They say it takes a village to raise a child. I completely agree with that. What people don’t realize is when you have a high risk pregnancy that gets into questionable territory, that also takes a village. With my conditions, I fall under the high risk pregnancy bandwagon. The first trimester of my pregnancy was great. I was one of those lucky snots that didn’t have morning sickness. I felt great and other than feeling exhausted 24 hours a day, everything was great. The fist few weeks of second trimester were great too. I had zero complaints. My bi-weekly doctors visits were going great and everything was looking good. We were so thankful to have such a great pregnancy that far.
Then one day, a regular doctors appointment turned into sending me to the birth center to make sure I wasn’t contracting. Talk about a total shock. I knew this was a possibility but everything had been going so good. Now, this wasn’t exactly where things got really hairy. I got put on modified bedrest. Which really wasn’t that bad. I was supposed to be sitting with my feet up more than I was up walking around. I also wasn’t supposed to be doing lifting and I was banned from work. Which to a farmer means, I was riding our Ranger out to my office and I was at least doing my office work and getting out of the house for a while.
After that my trips to the birth center became more frequent and more urgent. Instead of spending a few hours like the beginning I started spending the night. Then, the dreaded words came out of my doctors mouth and were written on my discharge papers, ‘Full Bedrest’. I am willing to do anything to get this baby here safely and healthy, but preferably not for a few more weeks. We are so thankful we still have options and each day of cooking means a healthier, stronger baby after he or she is born. We cannot wait to meet our little one, but we’re really not ready for that yet.
The hard part is trying to keep life moving somewhat regularly. Obviously my life will not be vaguely normal for a while and that’s ok. But my husband has to work and he is helping to pick up some of my slack on the farm too. Plus, my parents are picking up the rest, when they already had a full schedule before I went on bedrest. If you want to talk about some guilt, that is a whole semi-load. Then, I cannot cook. So we have family and friends bringing food over to help sustain us. We also have lots of family helping clean, do grocery shopping and tons of little stuff you normally wouldn’t think of.

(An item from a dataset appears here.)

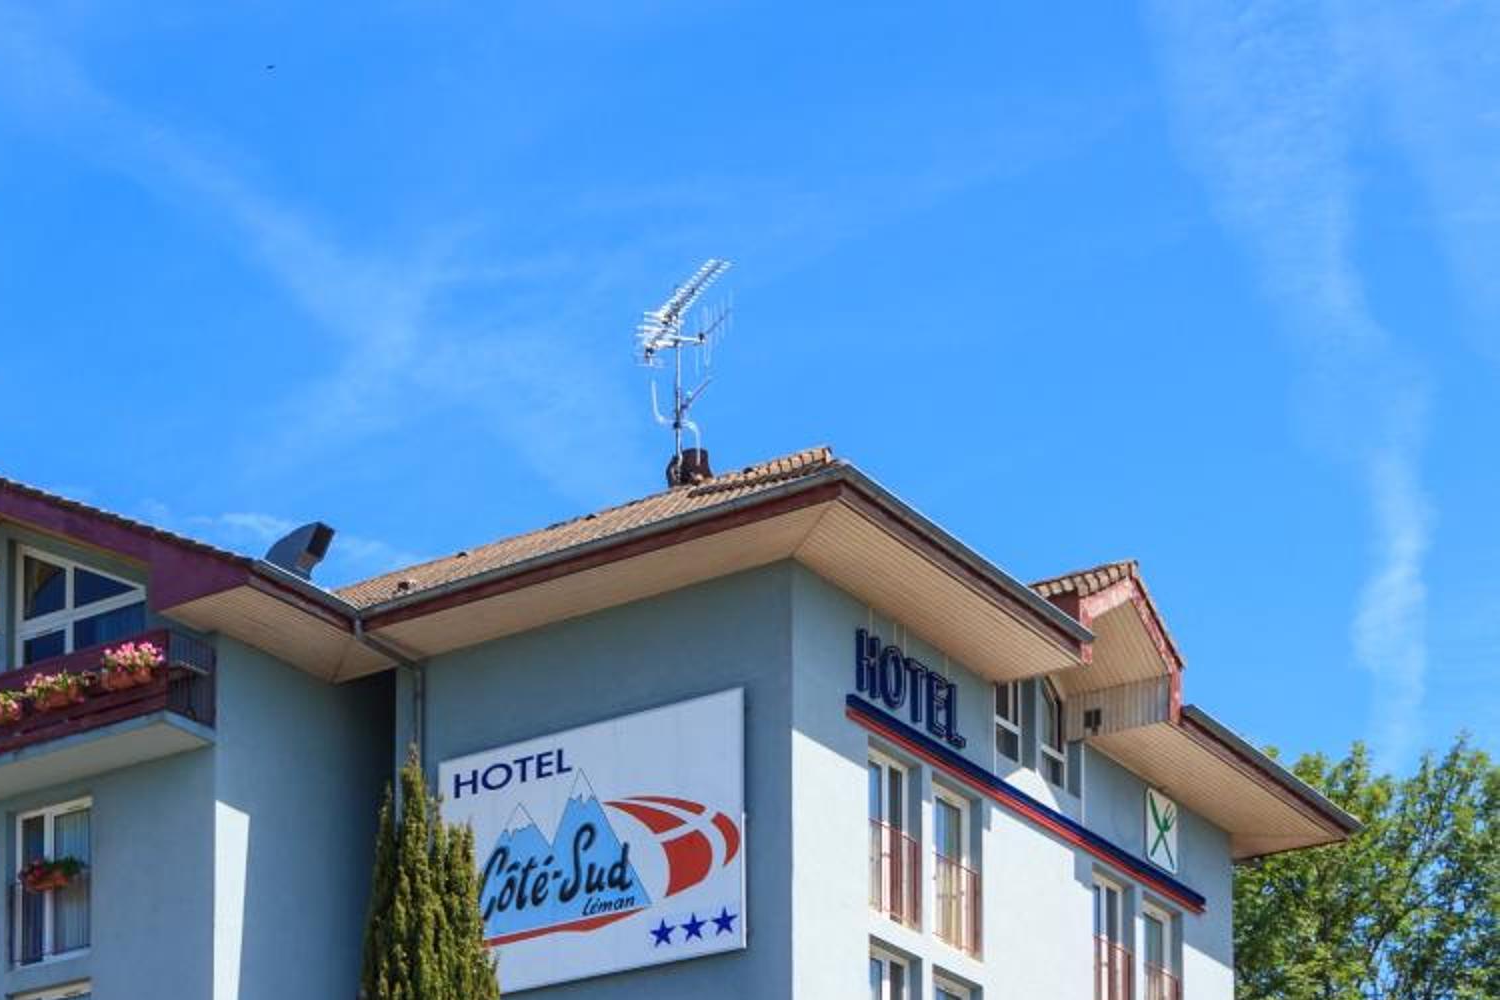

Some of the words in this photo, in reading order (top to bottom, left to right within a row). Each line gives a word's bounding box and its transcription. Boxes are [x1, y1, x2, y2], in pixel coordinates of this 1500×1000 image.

[855, 628, 966, 748] HOTEL
[453, 748, 572, 799] HOTEL
[478, 823, 633, 921] Côté-Sud

We are so thankful to all of these amazing people because we couldn’t survive with out their help. We appreciate every single task regardless of how big or small it may be. Like I said at the beginning, this pregnancy has turned into a village of loving, dedicated people helping us out. It has been hard, but we are still so thankful for our little busy body. As difficult as it is we know it will be worth every bit of help we have to take and every minute of a numb butt I have to endure.
J. Rhoades says
Sorry I’m so late to this (behind on blog reading!), but I’m so glad your little one is still in there and still cooking! I can only imagine how rough it must be to not be able to do what you need to/want to, but it will for sure be worth it!
messin33 says
It definitely will be worth it! That’s what I tell myself every time one of my legs go numb or I’m itching to get up and clean something.